Seorang ekonom senior, Faisal Basri, pernah bikin anekdot. Faktor keberhasilan pertumbuhan ekonomi suatu negara bisa disebabkan dua hal: sebab kebijakan yang bagus (good policy) atau keberuntungan yang lagi baik (good luck).
Semua jenis organisasi termasuk negara, idealnya dijalankan dengan kebijakan yang oke. Kebijakan yang unggul menurut Riant Nugroho (2017; 841), yaitu: cerdas, bijaksana dan memberikan harapan.
Namun, dalam kondisi riil, begitu banyak organisasi dikelola dengan kebijakan yang disusun asal-asalan, didasarkan pada analogi-analogi, informasi yang tidak bisa dipertanggungjawabkan atau bahkan berdasar intuisi. Sudah dibuat dengan asal, dilaksanakan dengan lebih gak masuk akal.
Pada kajian kebijakan publik di buku Nugroho tsb, ada anekdot juga bilang: Tidak ada negara yang gagal, yang ada adalah kegagalan kebijakan publik.

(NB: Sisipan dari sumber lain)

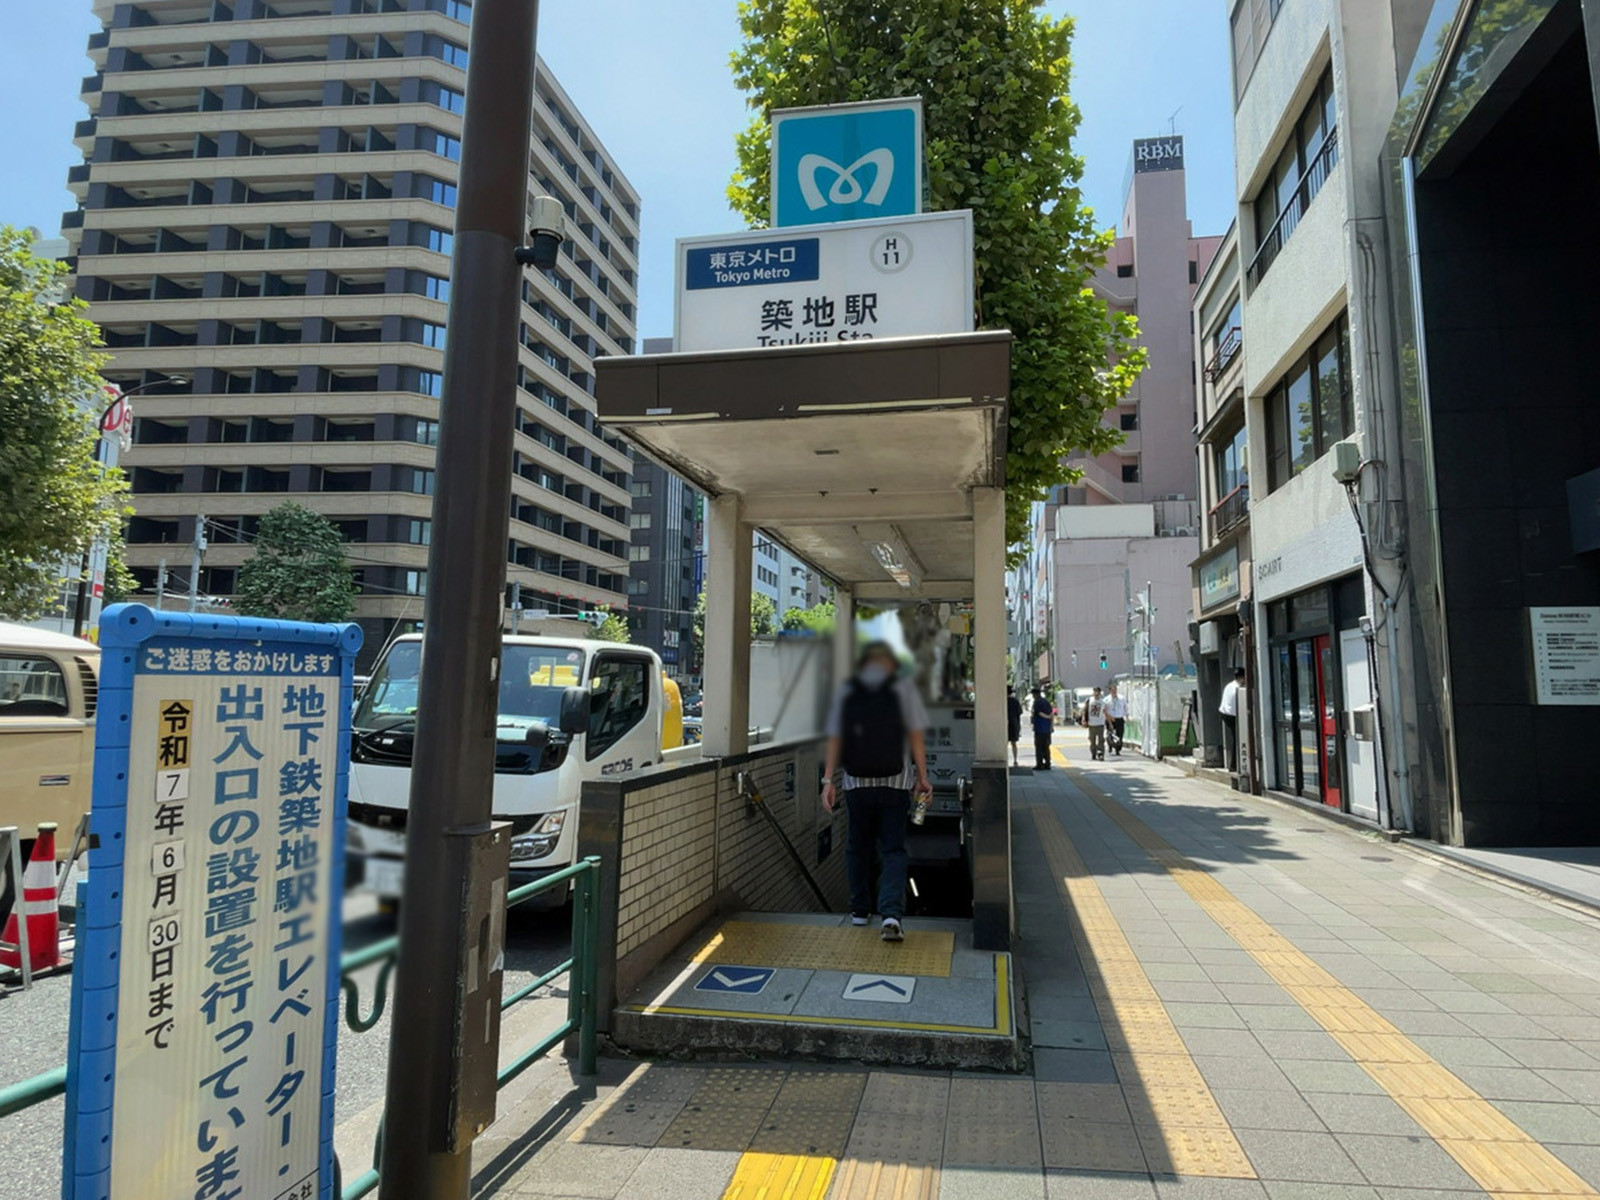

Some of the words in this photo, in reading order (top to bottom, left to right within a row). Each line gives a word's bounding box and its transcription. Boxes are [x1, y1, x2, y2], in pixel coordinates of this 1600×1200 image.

[1137, 143, 1182, 160] RBM
[886, 238, 897, 251] H
[709, 246, 796, 270] 東京メトロ
[883, 252, 900, 265] 11
[714, 271, 751, 285] Tokyo
[753, 267, 791, 281] Metro
[761, 292, 879, 332] 築地駅
[145, 647, 334, 674] ご迷惑をおかけします
[195, 683, 265, 1200] 出入口の設置を行っていま
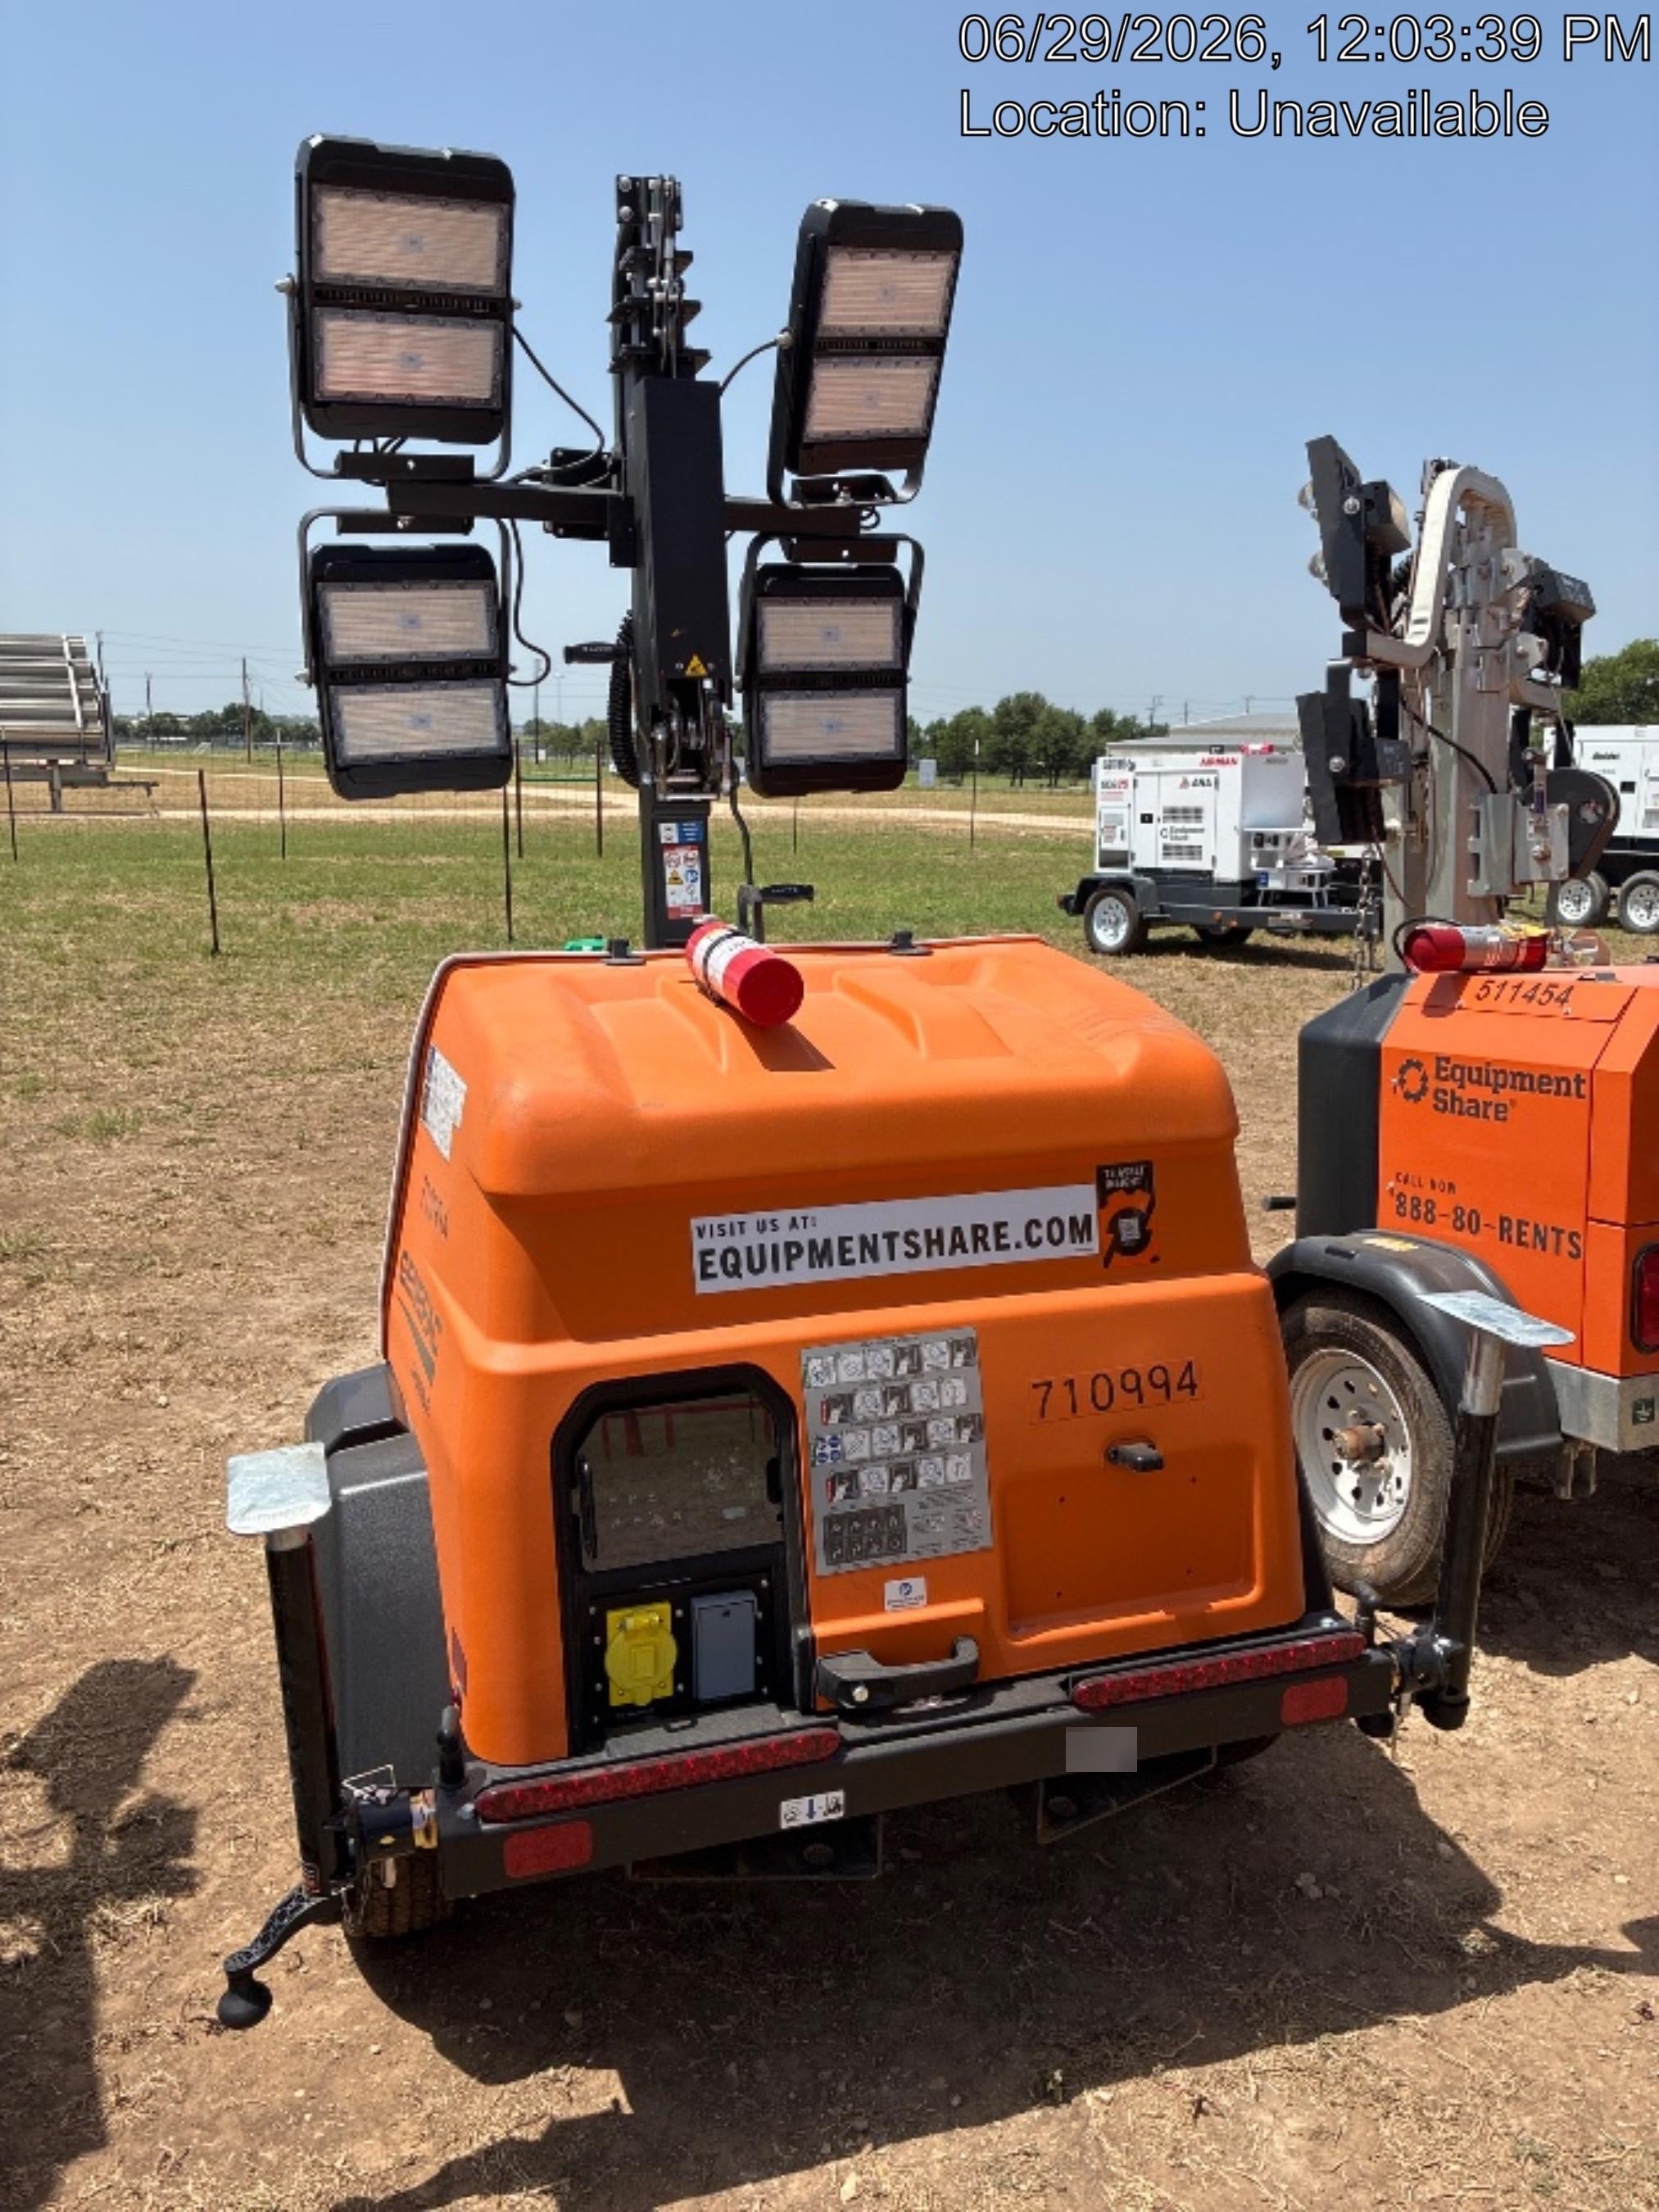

Baca juga: Kuliah bisnis digital terbaik di Solo Raya
Kebijakan yang harusnya jadi solusi seringkali justru menjadi masalah. Yang harusnya bertugas “carrying capacity” justru jadi “obstacle” yang membuat kapasitas dari sumberdaya yang dikelola organisasi tidak dapat dioptimalkan. Bahkan menjadi beban dan ‘kutukan’ bagi organisasi.
Dalam situasi sejenis ini, satu-satunya yang bisa diharapkan untuk berhasil adalah faktor keberuntungan (luck) tadi. Keberuntungan jelas ada dan begitu dekat dengan kita. Tapi ia muncul dari proses yang tidak bisa ditebak, untung-untungan, spekulatif.
Faisal Basri menganalisa ada periode-periode tertentu dimana ekonomi nasional tumbuh, bukan hasil dari kebijakan yang oke tapi sebab tiba-tiba ada kejadian internal maupun eksternal yang ibarat “durian runtuh”.
Tapi sialnya, banyak dari kita alih-alih menyusun kebijakan yang rasional, terukur, cerdas, memberi harapan namun malah menjebak diri berpacu adrenalin menyelam dalam ketidakpastian, berharap terus dapat keberuntungan (luck).